Abstract
Xeroderma pigmentosum (XP) is a rare genetic condition in which exposure to sunlight leads to a high tumor incidence due to defective DNA repair machinery. Herein, we investigated seven patients clinically diagnosed with XP living in a small city, Montanhas (Rio Grande do Norte), in the Northeast region of Brazil. We performed high-throughput sequencing and, surprisingly, identified two different mutated genes. Six patients carry a novel homozygote mutation in the POLH/XPV gene, c.672_673insT (p.Leu225Serfs*33), while one patient carries a homozygote mutation in the XPC gene, c.2251-1G>C. This latter mutation was previously described in Southeastern Africa (Comoro Island and Mozambique), Pakistan, and in a high incidence in Brazil. The XP-C patient had the first symptoms before the first year of life with aggressive ophthalmologic tumor progression and a melanoma onset at 7 years of age. The XP-V patients presented a milder phenotype with later onset of the disorder (mean age of 16 years old), and one of the six XP-V patients developed melanoma at 72 years. The photoprotection is minimal among them, mainly for the XP-V patients. The differences in the disease severity between XP-C (more aggressive) and XP-V (milder) patients are obvious and point to the major role of photoprotection in the XPs. We estimate that the incidence of XP patients at Montanhas can be higher, but with no diagnosis, due to poor health assistance. Patients still suffer from the stigmatization of the condition, impairing diagnosis, education for sun protection, and medical care.
Highlights
Xeroderma pigmentosum is an autosomal recessive disease in which the patients develop a high frequency of skin cancer, internal tumors, and neurological abnormalities (20–30% of the patients) (Menck and Munford, 2014)

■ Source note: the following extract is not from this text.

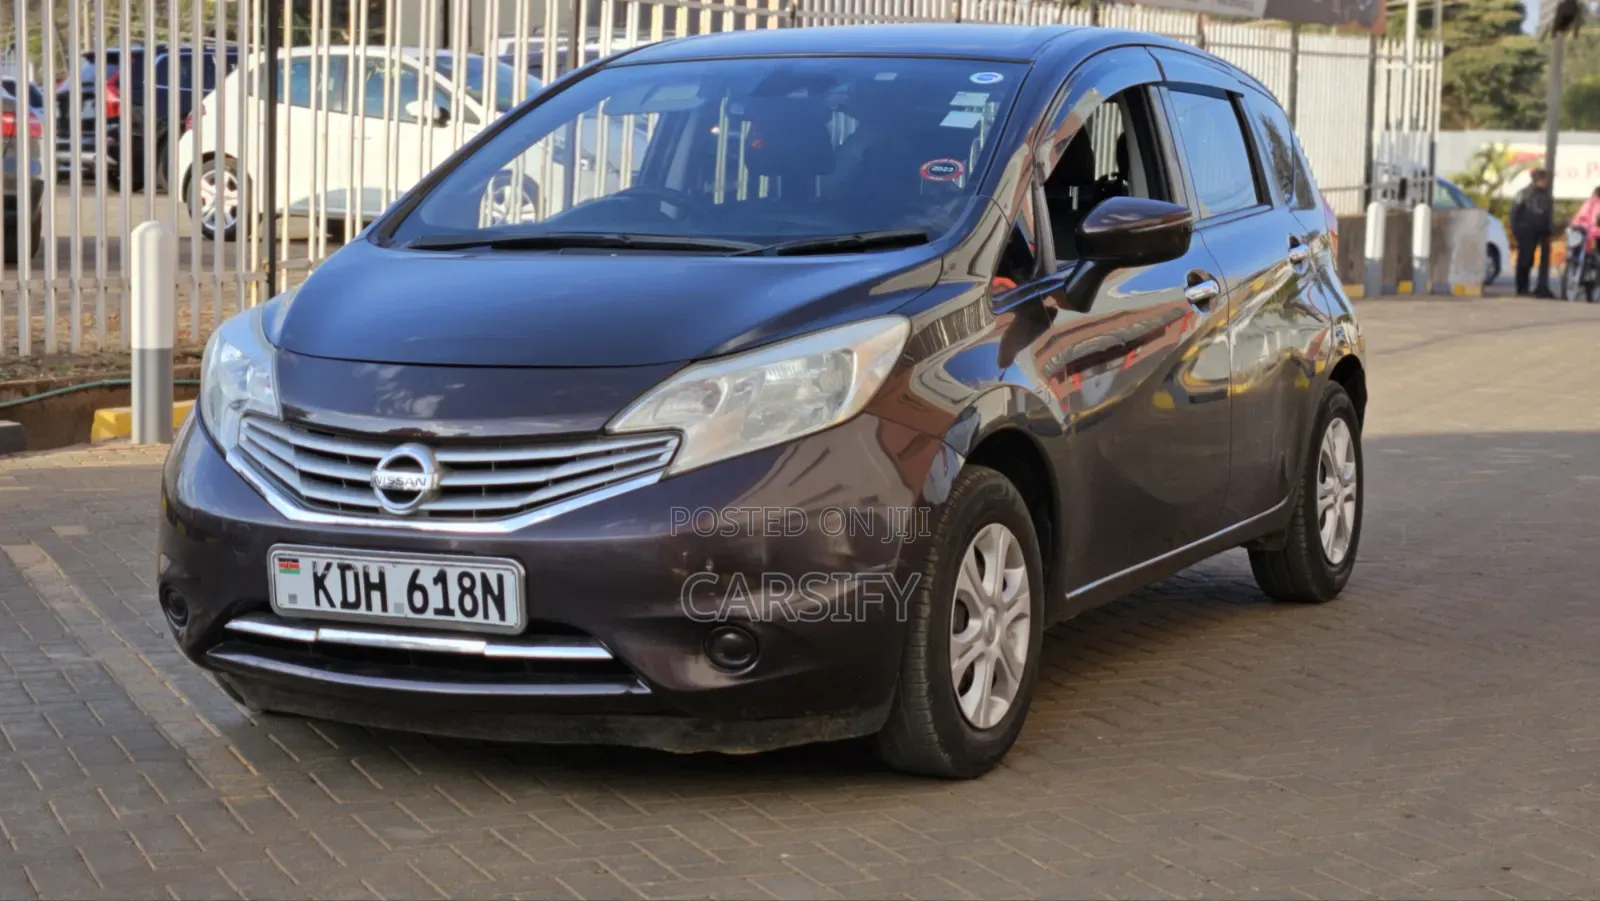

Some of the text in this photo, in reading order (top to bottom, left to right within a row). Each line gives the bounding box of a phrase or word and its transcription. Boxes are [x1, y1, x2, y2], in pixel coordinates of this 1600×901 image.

[374, 475, 427, 487] NISSAN
[312, 561, 506, 621] KDH 618N

We provided the molecular diagnosis for 7 Xeroderma pigmentosum (XP) patients, out of 13, at Montanhas, a small city in the south of Rio Grande do Norte (RN), Brazil
Even in this extreme condition, where the XP patients have lived under a high amount of sunlight exposure, only one XP-V developed melanoma at 73 years of age, which is different from the XP-C patient, who was diagnosed with a melanoma at 7 years of age, indicating that the variation in clinical phenotypes observed in the XP patients might be due to the different mutated genes involved in their prognosis
Summary
Xeroderma pigmentosum is an autosomal recessive disease in which the patients develop a high frequency of skin cancer, internal tumors, and neurological abnormalities (20–30% of the patients) (Menck and Munford, 2014). The transcription-coupled repair (TCR), in which the recognition occurs on the transcribed strand by the arrest of the RNA polymerase, and the nontranscribed genome is repaired by the global genomic repair (GGR) pathway (Hanawalt, 2002) These pathways are responsible for correctly cleaning up the DNA from lesions induced mainly by the ultraviolet radiation (UVR) from sunlight. By performing the next-generation sequencing (NGS) with a specific panel of DNA repair genes, we identified homozygous mutations in two different genes: POLH (six patients) and XPC (one patient). This is the second XP genetic cluster described in Brazil (Munford et al, 2017), but the first to identify two different mutated XP genes in such a small community. The pedigrees were drawn following the Standardized Human Pedigree Nomenclature (Bennett et al, 1995)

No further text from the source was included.